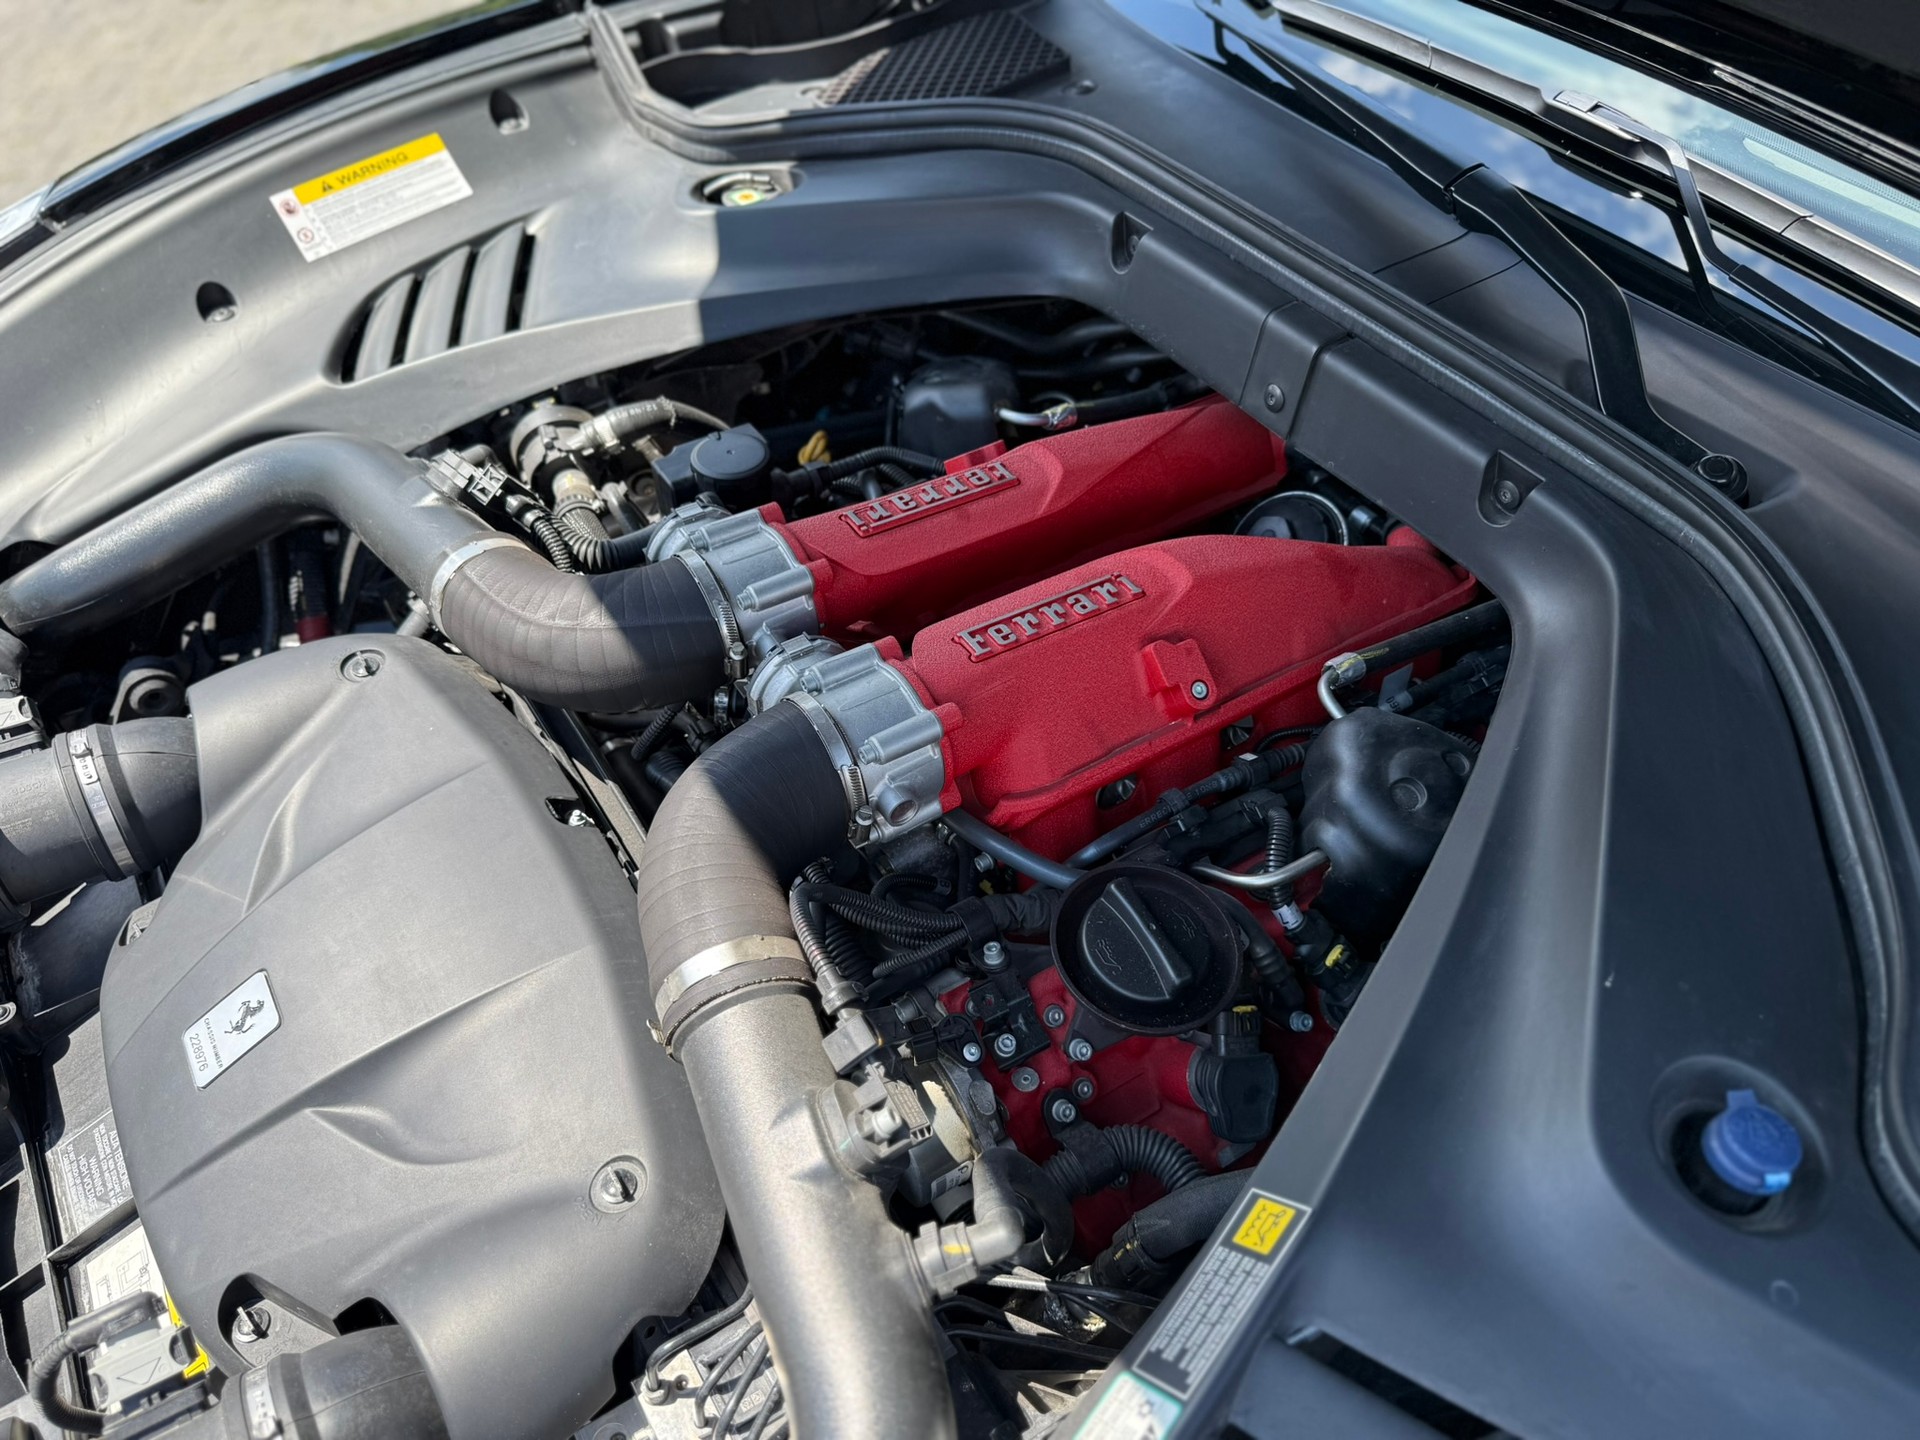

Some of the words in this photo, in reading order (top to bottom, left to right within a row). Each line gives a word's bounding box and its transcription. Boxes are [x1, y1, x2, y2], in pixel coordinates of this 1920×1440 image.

[337, 152, 408, 185] WARNING
[842, 461, 1018, 531] Ferrari
[955, 572, 1143, 656] Ferrari
[189, 1033, 209, 1072] 228976
[203, 1017, 216, 1044] CHASSIS
[212, 1044, 224, 1069] NUMBER
[78, 1153, 89, 1177] HIGH
[89, 1155, 105, 1196] WARNING
[108, 1130, 119, 1149] ALTA
[114, 1148, 130, 1190] TENSIONE
[83, 1174, 98, 1211] VOLTAGE
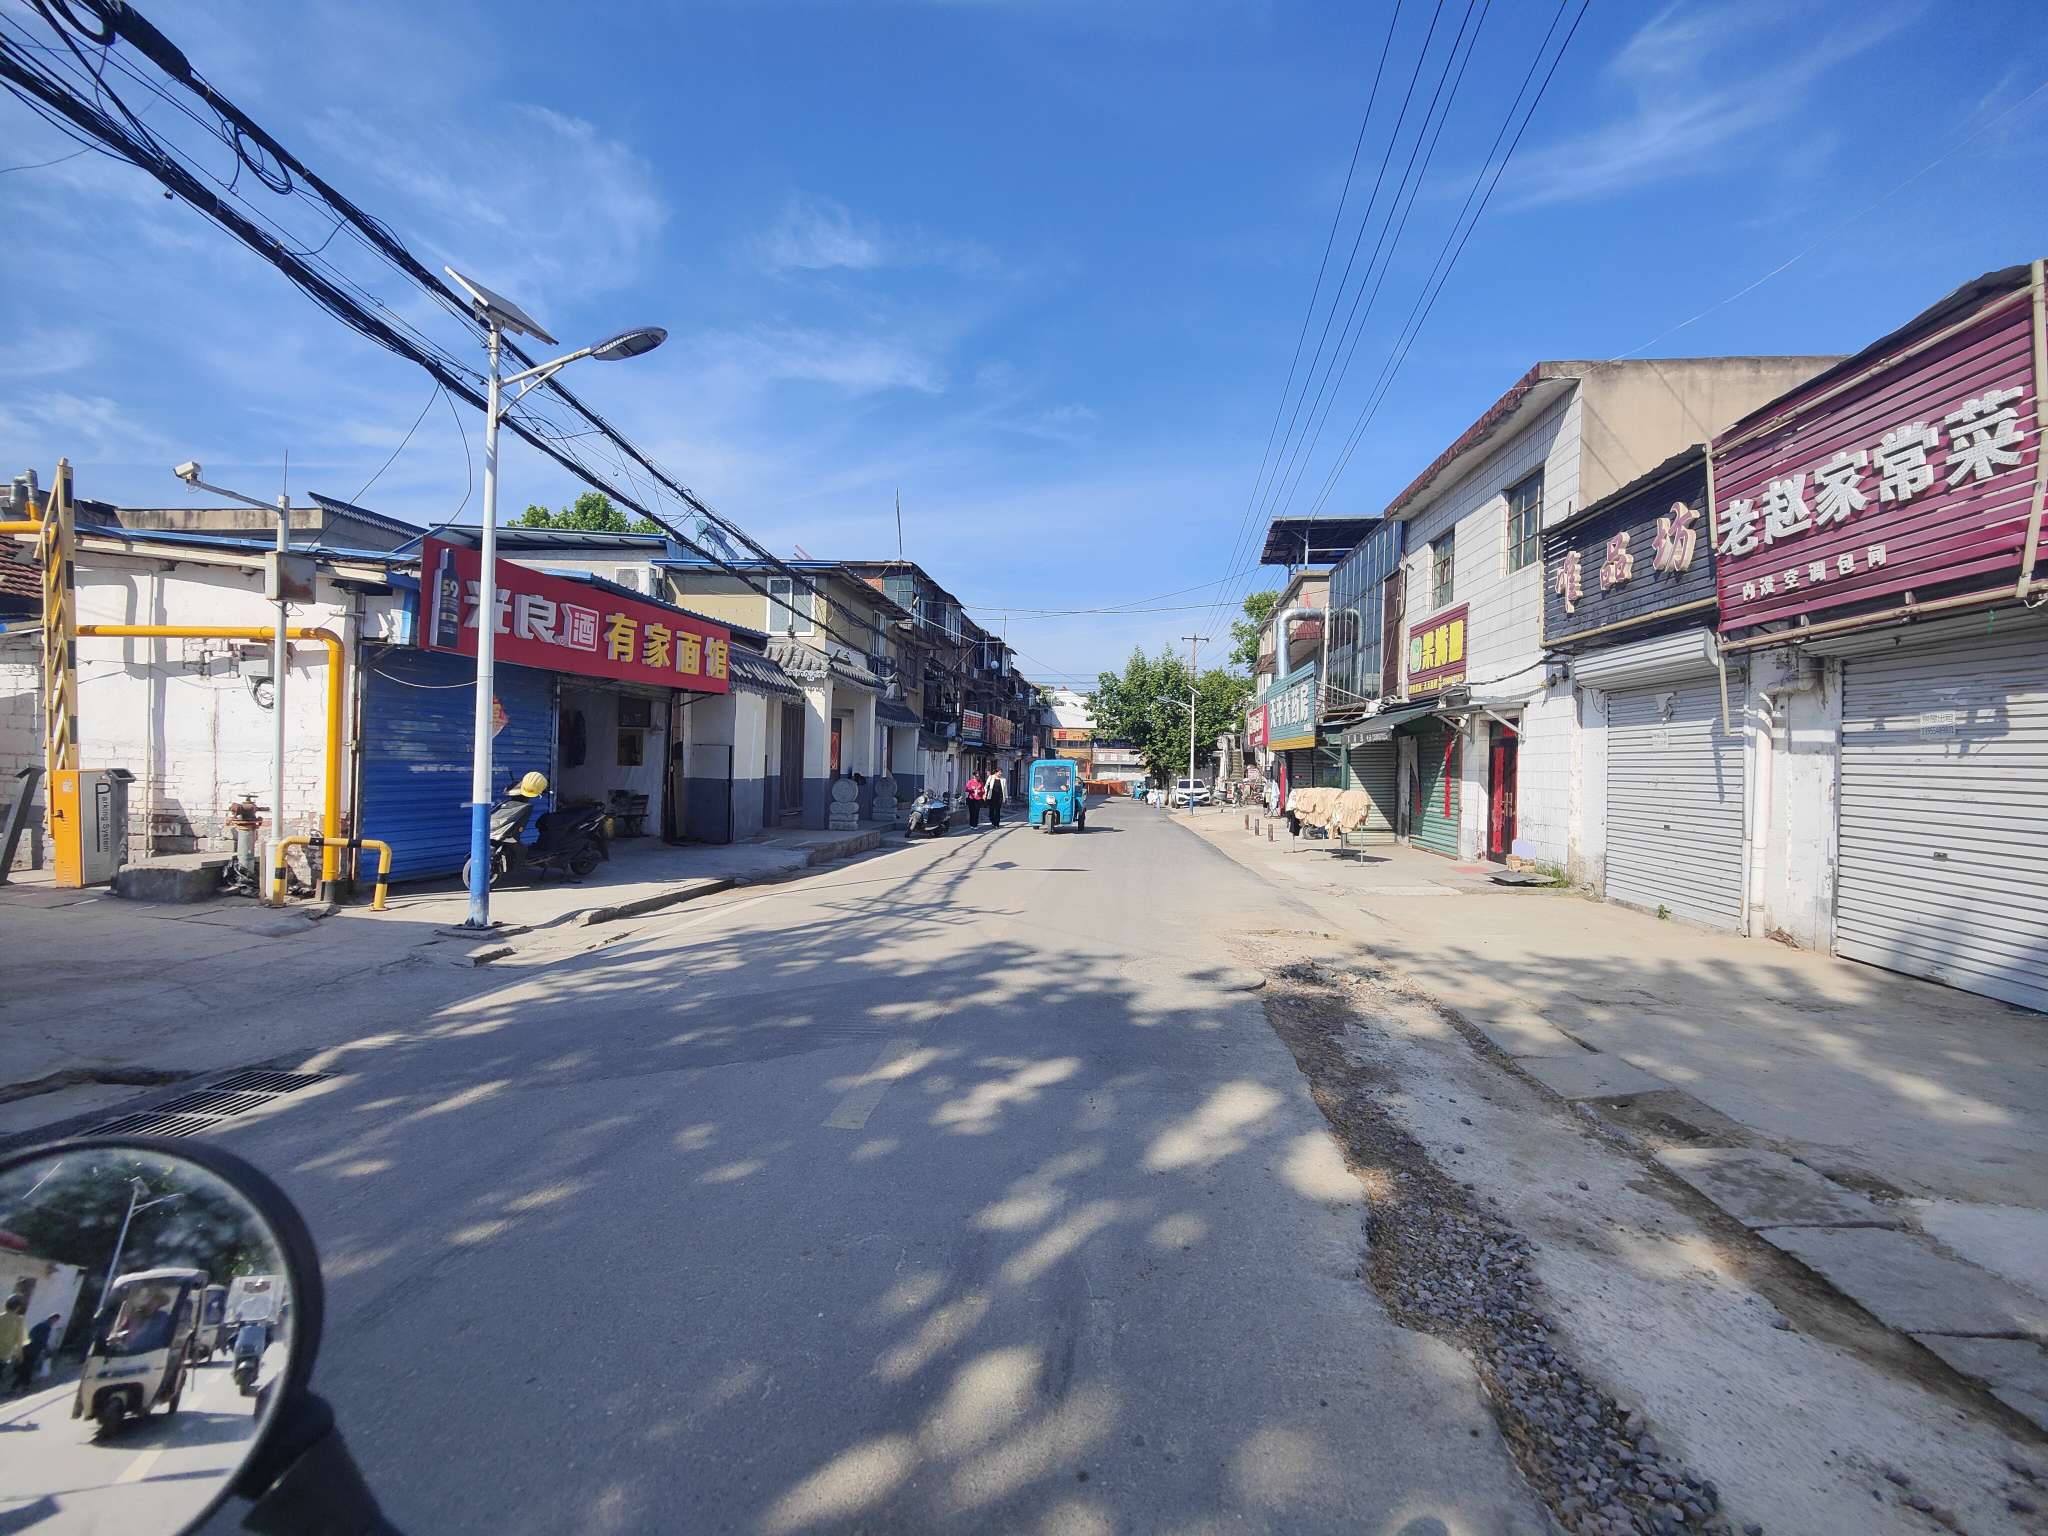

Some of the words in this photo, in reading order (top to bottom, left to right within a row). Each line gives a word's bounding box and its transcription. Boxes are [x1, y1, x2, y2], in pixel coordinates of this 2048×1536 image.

[1718, 386, 2024, 556] 老赵家常菜
[1743, 544, 1887, 601] 内设空调包间
[605, 612, 728, 679] 有家面馆
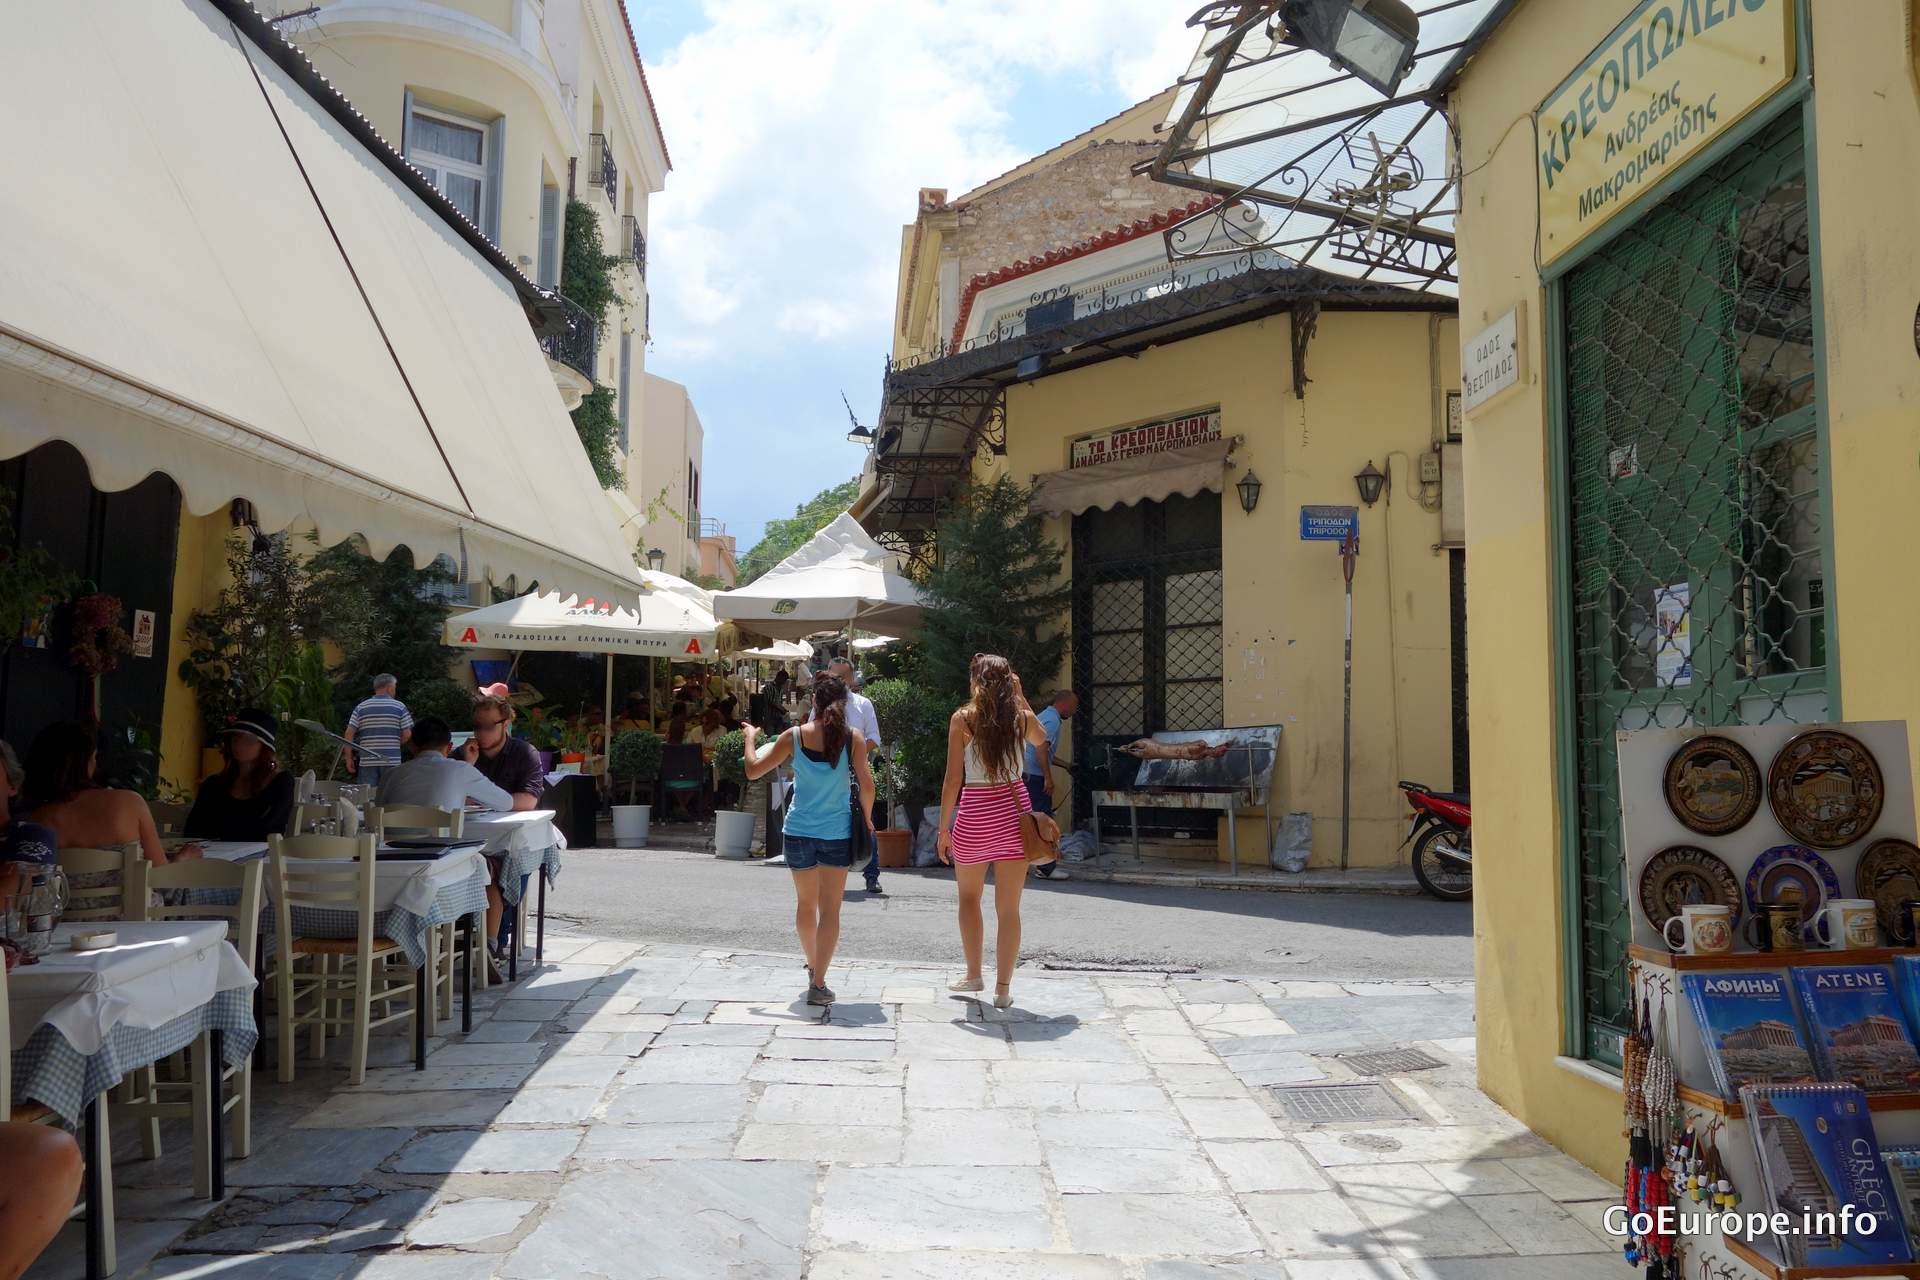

■ ■ ■ ■ ■ ■ ■

▶ [Task details]:
Using the material above, retype each entry exactly and omit the pictures.

▶ [Your solution]:
Some of the words in this photo, in reading order (top to bottom, left to right within a row). Each line gives a word's bounding box and its transcription. Boxes are [x1, y1, x2, y2], in pixel coordinates of this 1920×1440 image.

[337, 152, 408, 185] WARNING
[842, 461, 1018, 531] Ferrari
[955, 572, 1143, 656] Ferrari
[189, 1033, 209, 1072] 228976
[203, 1017, 216, 1044] CHASSIS
[212, 1044, 224, 1069] NUMBER
[78, 1153, 89, 1177] HIGH
[89, 1155, 105, 1196] WARNING
[108, 1130, 119, 1149] ALTA
[114, 1148, 130, 1190] TENSIONE
[83, 1174, 98, 1211] VOLTAGE

Some of the words in this photo, in reading order (top to bottom, left to right within a row). Each line gives a word's bounding box and its transcription. Boxes are [x1, y1, x2, y2], in pixel coordinates of this 2048×1536 image.

[1718, 386, 2024, 556] 老赵家常菜
[1743, 544, 1887, 601] 内设空调包间
[605, 612, 728, 679] 有家面馆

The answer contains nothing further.